There's a better one! Truly universally acceptable, but not being put into use anywhere (I think! )
1,0000,0000 = Myllion
1,0000,0000,0000 = Byllion etc.

MathsIsFun
2005-07-21 17:52:29

Richard Branson must be worth a PACKET then. LOL

I think that metric rules in this case. If you say "a billion" in a scientific journal it is assumed to be 10^9 (1,000,000,000).

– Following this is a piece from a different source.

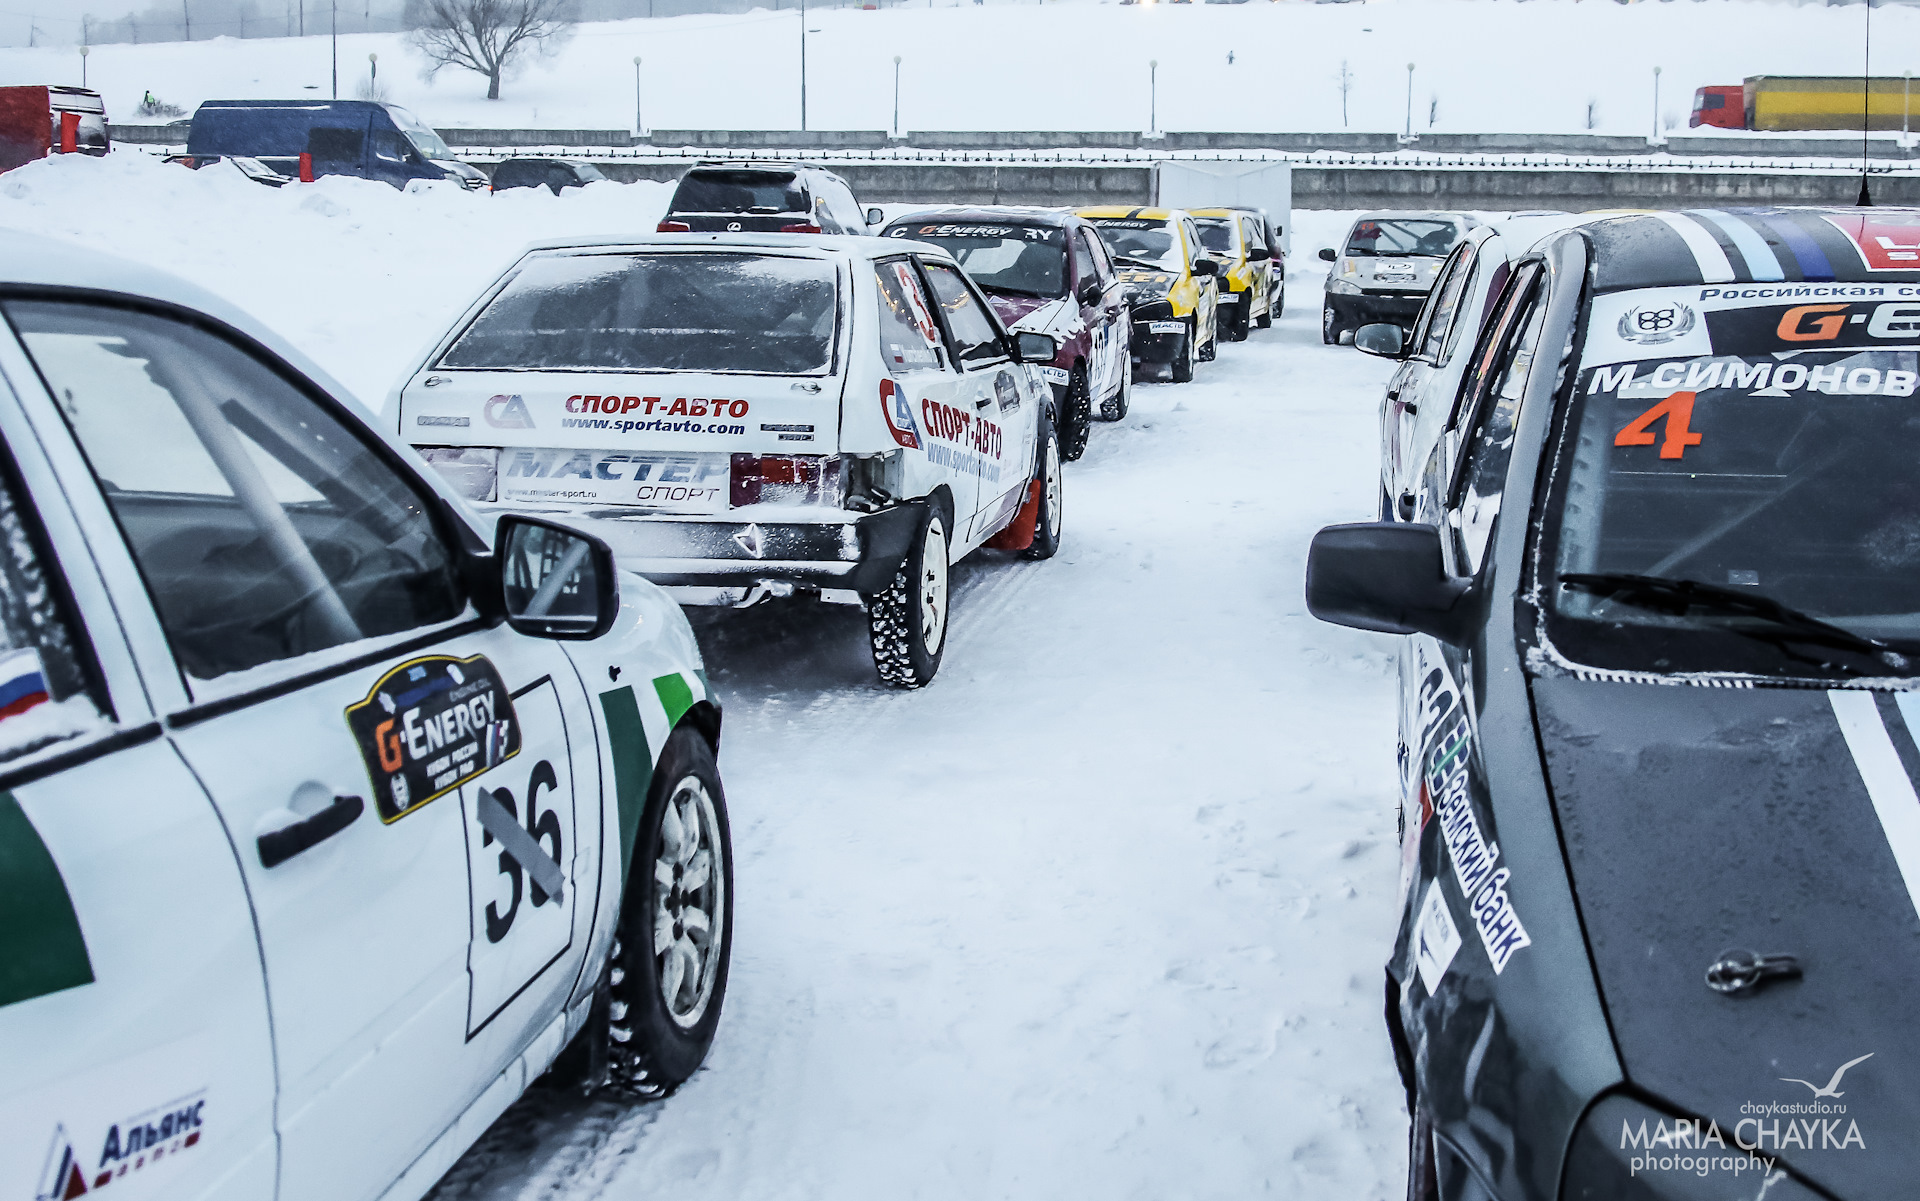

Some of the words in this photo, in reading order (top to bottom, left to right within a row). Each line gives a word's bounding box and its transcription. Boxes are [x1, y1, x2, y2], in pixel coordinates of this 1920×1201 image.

Thousand, Million, Billion, Trillion, etc, each 1,000 times bigger.

mathsyperson
2005-07-21 16:56:53

Rora's thinking of billions.
A UK billion is a million million and a US billion is a thousand million.
That's why there are so many more American billionaires!

Pingu
2005-07-21 16:53:40

No, a million is universal.

Roraborealis
2005-07-21 16:52:44

Something like that, if I remember.

Pingu
2005-07-21 16:51:21

It.... is? 1 000 000 is a million, not 100 000.

Roraborealis
2005-07-21 16:47:25

And a million is a thousand thousand in the UK, but a million is a hundred thousand in the US.

Cath
2005-07-21 06:36:50

Thank you!

ganesh
2005-07-20 19:56:38

As simple as that!
But you would have to remember
(1) A second is a billion (US) nanoseconds but not a billion (UK) nanoseconds.
and
(2) An American Gallon is different from a gallon in UK

MathsIsFun
2005-07-20 19:51:20

1.5 Hours

(Time is the same)

Cath
2005-07-20 19:48:20

if a meter is 1 yard and 6 inches american. what does 90 minutes equal? in metrics i mean.